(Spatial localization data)
——

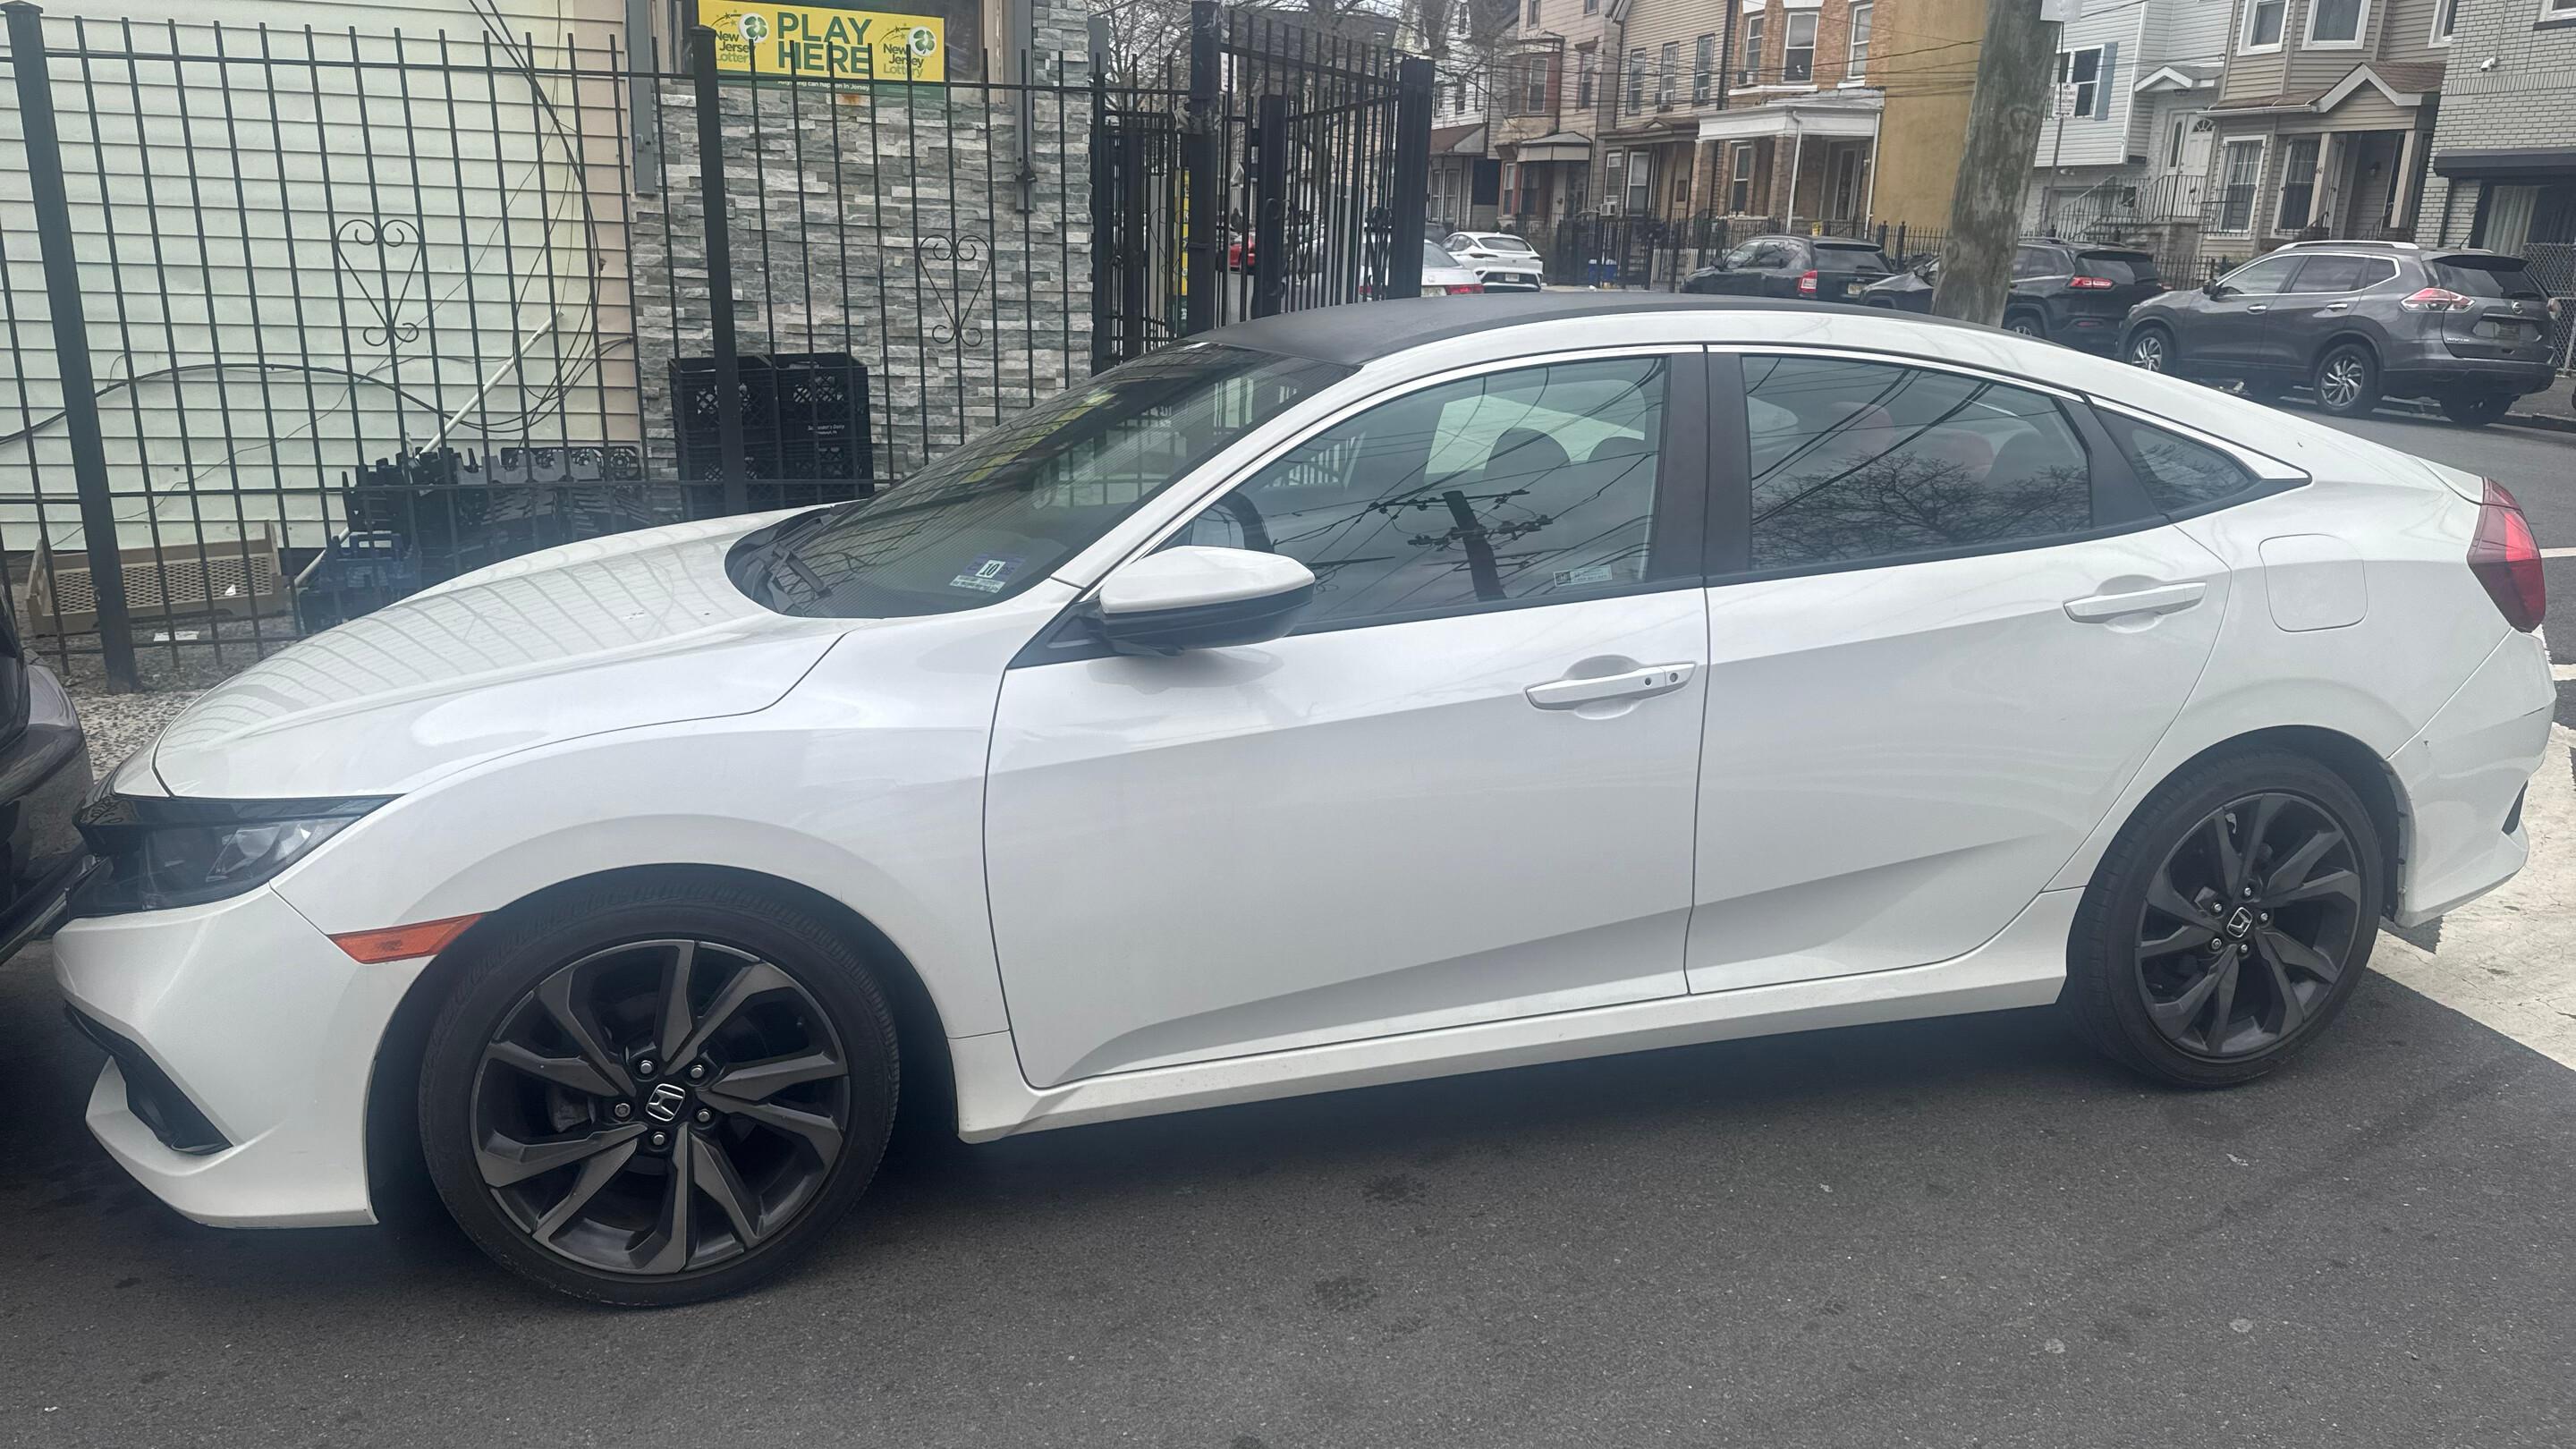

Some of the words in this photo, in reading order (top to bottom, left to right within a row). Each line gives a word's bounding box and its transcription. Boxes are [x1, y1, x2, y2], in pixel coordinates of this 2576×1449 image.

[777, 12, 873, 45] PLAY
[719, 41, 756, 54] Jerse
[883, 43, 909, 55] New
[778, 40, 873, 73] HERE
[889, 55, 924, 68] Jerey
[883, 64, 924, 78] Lottry
[979, 563, 1000, 576] 10
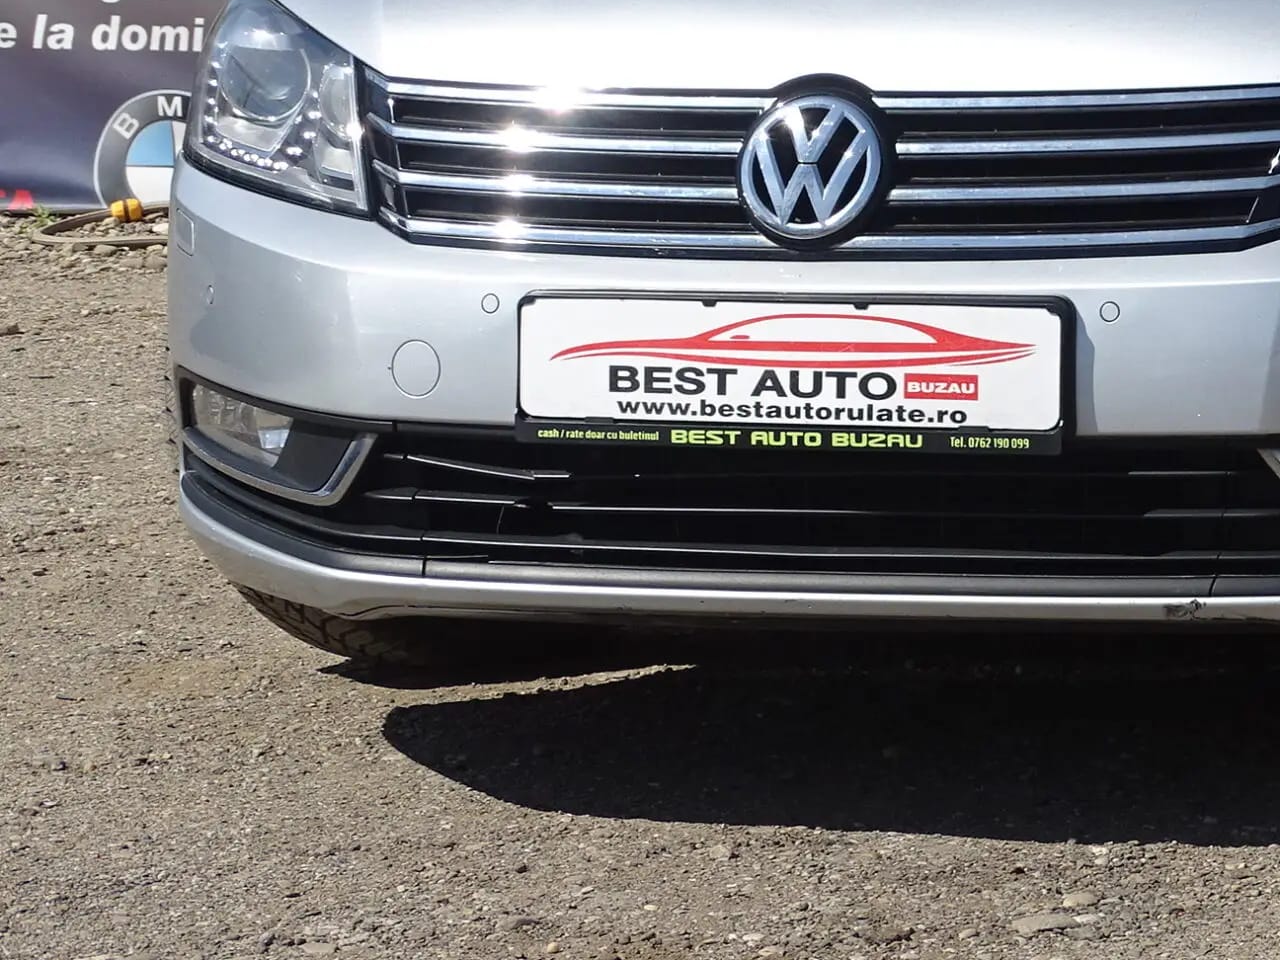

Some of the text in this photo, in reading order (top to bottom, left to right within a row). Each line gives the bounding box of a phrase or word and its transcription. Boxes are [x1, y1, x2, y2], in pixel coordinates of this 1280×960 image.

——

For each record above, write it out exactly and omit any picture.

Some of the words in this photo, in reading order (top to bottom, left to right within a row). Each line gives a word's bounding box and its transcription. Boxes are [x1, y1, x2, y2], in pixel coordinates of this 2576×1449 image.

[777, 12, 873, 45] PLAY
[719, 41, 756, 54] Jerse
[883, 43, 909, 55] New
[778, 40, 873, 73] HERE
[889, 55, 924, 68] Jerey
[883, 64, 924, 78] Lottry
[979, 563, 1000, 576] 10

Some of the text in this photo, in reading order (top to bottom, left to right within a row). Each line gives the bounding box of a phrase or word and its transcription. Boxes are [x1, y1, x2, y2], in pixel coordinates of this 1280×960 image.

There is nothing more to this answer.